What are Qualified Educational Expenses?

  • Tuition (Coverdell ESA & 529)
  • Fees (Coverdell ESA)
  • Room and Board (Coverdell ESA)
  • Uniforms (Coverdell ESA)
  • Transportation (Coverdell ESA)

Important Note:

An important thing to remember is that these expenses do not count toward after school programs that act like daycare. Those items are reported separately on the return.

Post-Secondary School (College) Expenses:

College expenses differ from the expenses that you can deduct for elementary and secondary school. There are more restrictions on the expenses that qualify as educational expenses, but you now can claim tax credits, which will reduce the taxes you owe more than a deduction would

What are Qualified Educational Expenses?

  • Tuition
  • Fees
  • Other expenses that all students are required to pay
  • Books and supplies that are needed for class are only used for calculating the American Opportunity Tax Credit

What are not Qualified Educational Expenses?

  • Room and Board (even if you are living on campus)
  • Groceries or other living expense
  • Medical expenses while attending college
  • All other expenses that are not listed in as acceptable qualified educational expenses

When do Educational Expenses effect your tax return?

  • If you receive scholarship money and/or grants
  • If you are trying to claim any of the higher education tax credits


Money that you receive from scholarships can be considered taxable income, only if the amount you receive is greater than your educational expenses. This information is communicated through the form 1098-T. Universities will prepare this information for each student. The qualified educational expenses are listed in box 2. Scholarship amounts are listed in box 5. When box 5 is greater than box 2, you will include the different as income on your tax return.
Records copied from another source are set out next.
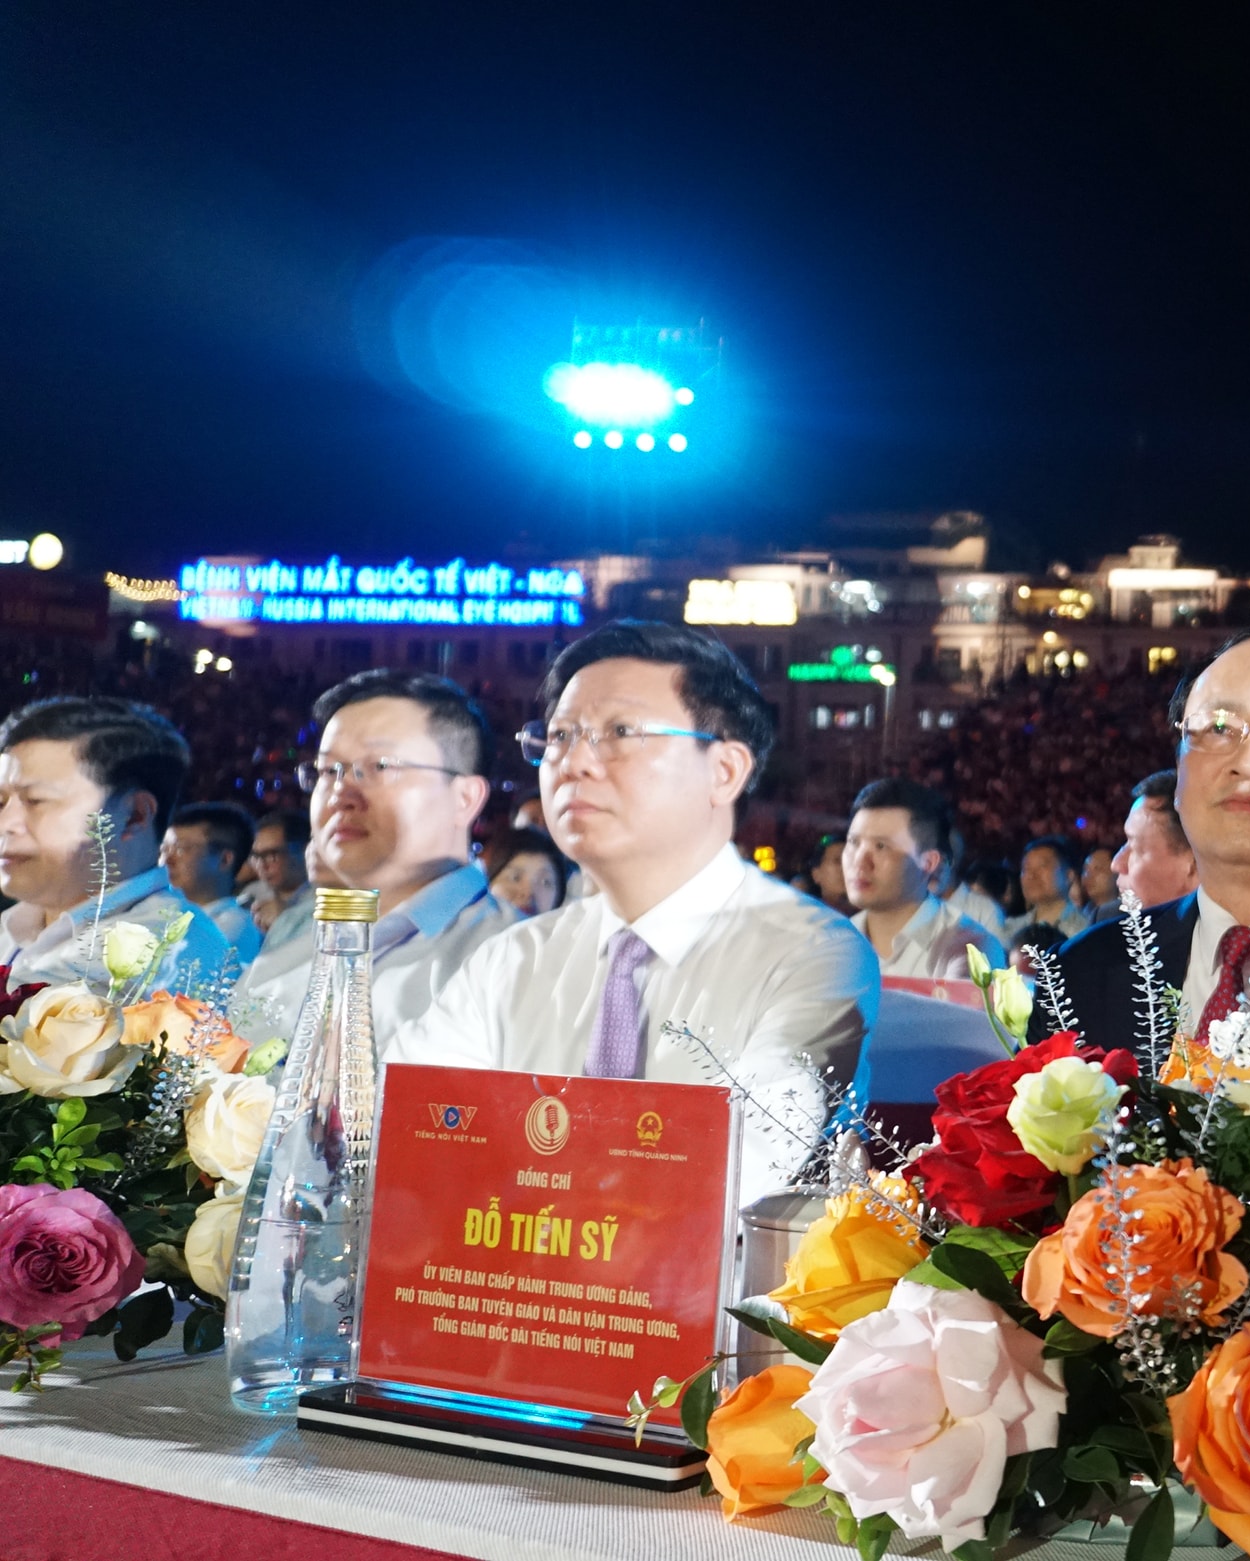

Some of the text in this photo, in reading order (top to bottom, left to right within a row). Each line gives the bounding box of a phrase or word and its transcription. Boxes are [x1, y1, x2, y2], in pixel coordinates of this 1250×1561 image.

[356, 556, 429, 595] QUỐC
[433, 557, 464, 595] TẾ
[463, 562, 513, 597] VIỆT
[528, 568, 584, 596] NGA
[327, 597, 460, 624] INTERNATIONAL
[415, 1130, 436, 1140] TIẾNG
[453, 1133, 469, 1143] VIỆT
[471, 1136, 487, 1144] NAM
[608, 1148, 628, 1157] UBND
[670, 1154, 688, 1162] NINH
[517, 1166, 571, 1190] ĐỒNG CHÍ
[464, 1197, 619, 1261] ĐỖ TIẾN SỸ
[423, 1260, 653, 1310] ỦY VIÊN BAN CHẤP HÀNH TRUNG ƯƠNG ĐẢNG,
[395, 1286, 681, 1341] PHÓ TRƯỞNG BAN TUYÊN GIÁO VÀ DÂN VẬN TRUNG ƯƠNG,
[433, 1312, 634, 1360] TỔNG GIÁM ĐỐC ĐÀI TIẾNG NÓI VIỆT NAM
For example, if I had $10,000 listed as qualified tuition and related expenses (box 2), and I had $15,000 listed as my scholarships or grants (box 5). Since $15,000 is greater than $10,000 by $5,000, I would include $5,000 in my taxable income on my individual income tax return.

Educational Tax Credits:

Congress has allowed two credits that can offset your income tax owed. These credits are the American Opportunity Tax Credit (AOTC) and the Lifetime Learning Credit (LLC).

American Opportunity Tax Credit:

The AOTC is a credit available for students that have not finished 4 years of higher education, claimed the credit more than 4 times, have no felony drug convictions, and who are at least enrolled half time during the year. The credit has a maximum amount of $2,500. There is a 100% credit on the first $2,000 of qualified educational expenses and then there is a 25% credit on the next $2,000 of qualified educational expenses.
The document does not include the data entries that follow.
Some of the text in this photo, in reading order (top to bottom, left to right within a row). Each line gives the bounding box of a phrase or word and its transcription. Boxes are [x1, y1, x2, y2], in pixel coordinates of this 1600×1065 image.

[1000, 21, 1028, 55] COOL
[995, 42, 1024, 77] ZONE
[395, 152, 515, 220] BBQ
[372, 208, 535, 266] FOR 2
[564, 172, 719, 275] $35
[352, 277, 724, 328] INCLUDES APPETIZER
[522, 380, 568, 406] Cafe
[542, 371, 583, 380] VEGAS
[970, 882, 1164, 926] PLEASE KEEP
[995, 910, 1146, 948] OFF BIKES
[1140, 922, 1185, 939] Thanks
For example, if I had $3,000 of qualified educational expenses, my credit would be $2,250. You get this amount by doing the following. (1*2000) + (.25*1000). 1*2000 represents the 100% of the first 2,000 of expenses and the (.25*1000) is the 25% of the additional amount.

For example, if I had $4,000 or greater of qualified expenses, I would receive the full credit of $2,500.

Lifetime Learning Credit:

The LLC is different from the AOTC. The LLC is available to all students and can be used any year, there is no restriction on amount of years you can use the LLC. Using this credit does take more educational expenses because you can only claim 20% of the first $10,000. The maximum credit is lower with an amount of $2,000.

For example, I have $8,000 of educational expenses. My credit would be $1,600 because you would do the following calculation. .2 * 8000

Overall, educational expenses can have an impact on the amount of taxes you owe and should be something that your family plans for if there is a member heading to college in the near future.